At last everything cleared up at the same time, and the sky which freed itself from its mists, and the politics which became calmer, and the souls which opened up to at least temporary confidence. From then on, the capital, left to itself, did its best to complete its festive preparations.
In 1855, the Palace of Industry, increased by various annexes, had seemed sufficient to classify products from France and abroad. In 1867, the number of exhibitors, which was 52,000 instead of 24,000, the presumed number of visitors, the desire to fix the attention by an increasingly captivating spectacle, all these reasons had determined a more spacious installation .
The choice fell on the Champ-de-Mars plain.
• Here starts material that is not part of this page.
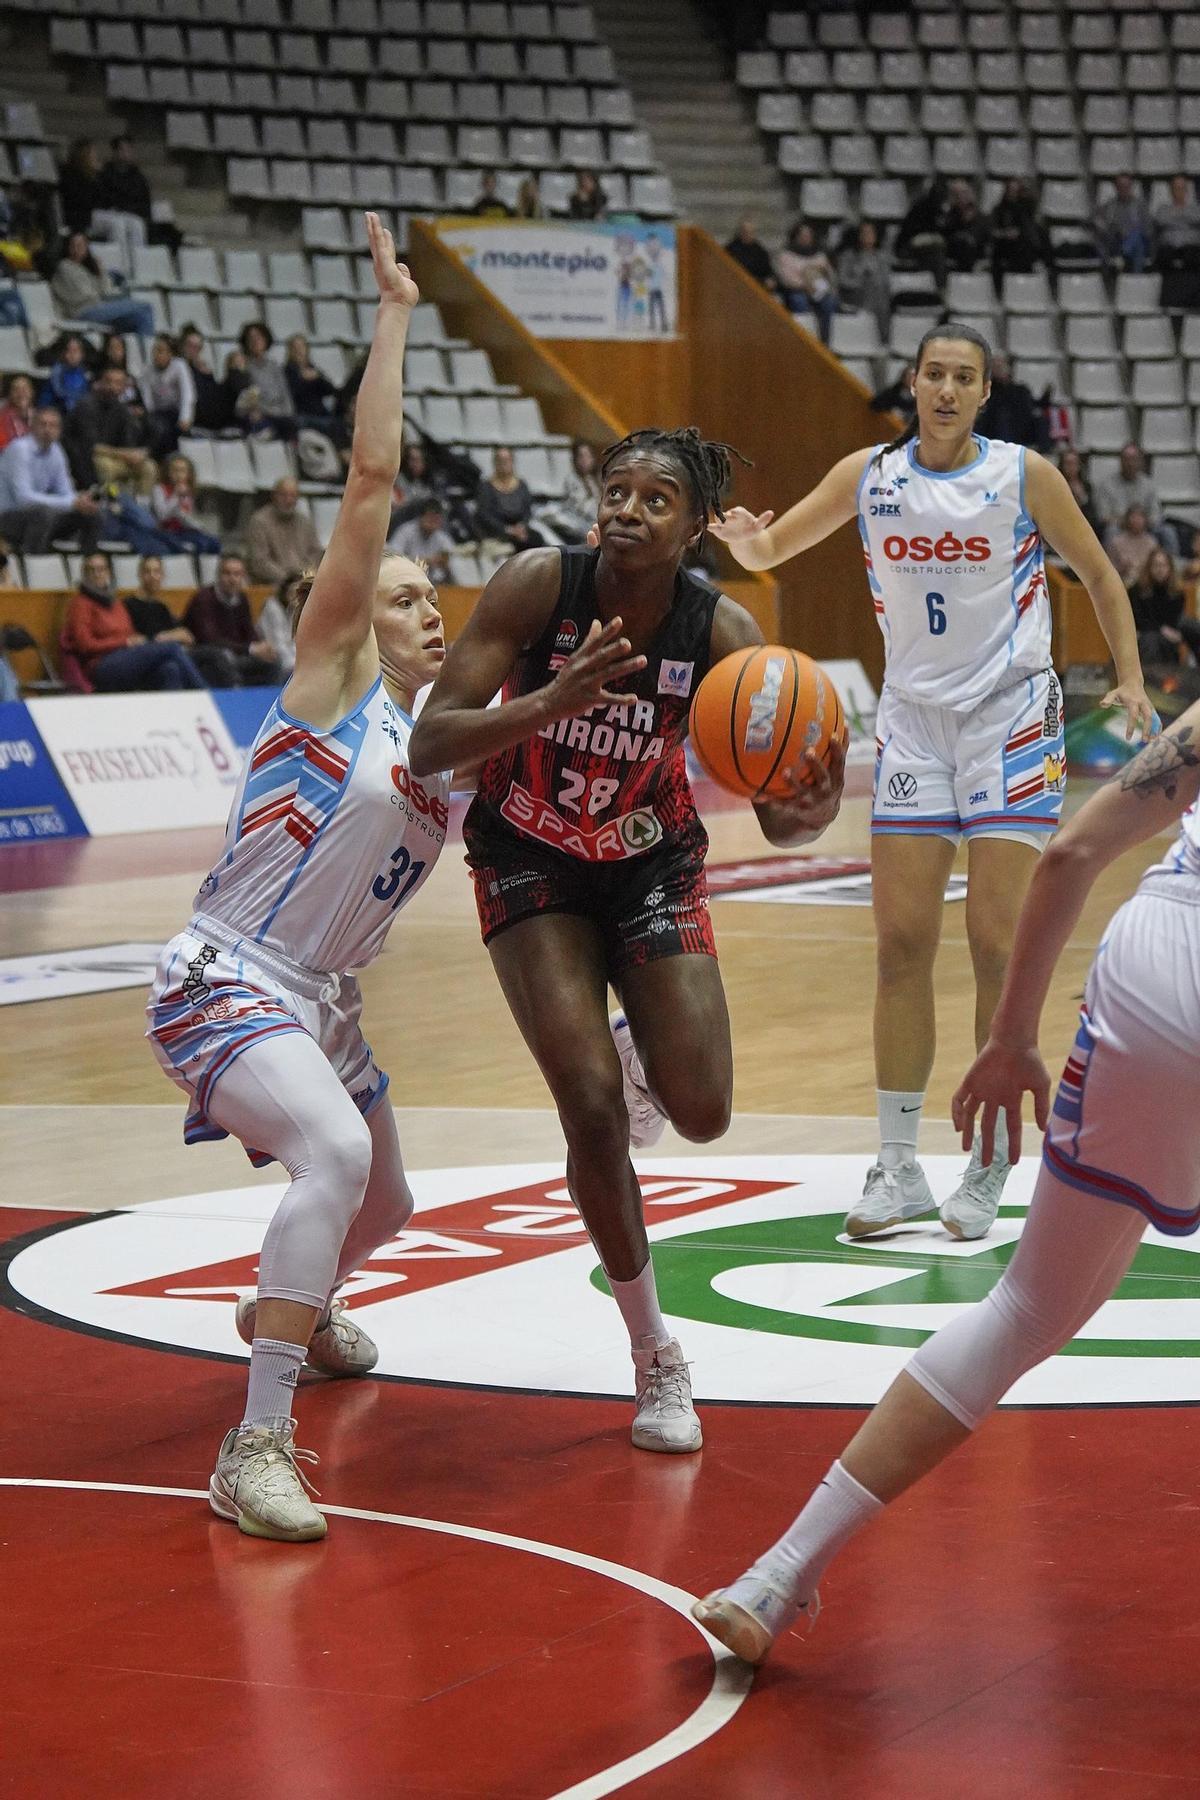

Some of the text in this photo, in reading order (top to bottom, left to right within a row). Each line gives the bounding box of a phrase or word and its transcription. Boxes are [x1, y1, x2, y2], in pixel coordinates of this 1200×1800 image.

The general plan was that of a vast park, strewn with kiosks or pavilions, arranged some for utility, others for picturesque effect, fantasy or pleasure.
In the middle of this park had been erected the Palace of the Exposition proper. It was an immense circular construction, without floor, of a very pronounced oval, which alone covered an area of more than sixteen hectares and which, stretching from the Seine towards the Military School, began at three hundred meters from the river, to finish about two hundred meters from the avenue La Motte-Picquet. If the appearance was not very elegant, the interior layout, very remarkable and fitted out according to the plans of the Commissioner General A. Le Play, was both simple and ingenious. It consisted of a series of concentric circles, with radiating paths crossing the successive sectors.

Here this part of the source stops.